<<<<
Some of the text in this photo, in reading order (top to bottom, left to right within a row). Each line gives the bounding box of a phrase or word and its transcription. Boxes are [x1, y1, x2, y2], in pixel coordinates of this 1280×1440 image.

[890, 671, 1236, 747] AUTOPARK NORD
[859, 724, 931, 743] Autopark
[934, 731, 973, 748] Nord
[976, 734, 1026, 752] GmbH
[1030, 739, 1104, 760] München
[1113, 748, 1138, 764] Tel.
>>>>
TASK
Output all of the material exactly as written.

SOLVED PROBLEM
Some of the text in this photo, in reading order (top to bottom, left to right within a row). Each line gives the bounding box of a phrase or word and its transcription. Boxes are [x1, y1, x2, y2], in pixel coordinates of this 1280×1440 image.

[890, 671, 1236, 747] AUTOPARK NORD
[859, 724, 931, 743] Autopark
[934, 731, 973, 748] Nord
[976, 734, 1026, 752] GmbH
[1030, 739, 1104, 760] München
[1113, 748, 1138, 764] Tel.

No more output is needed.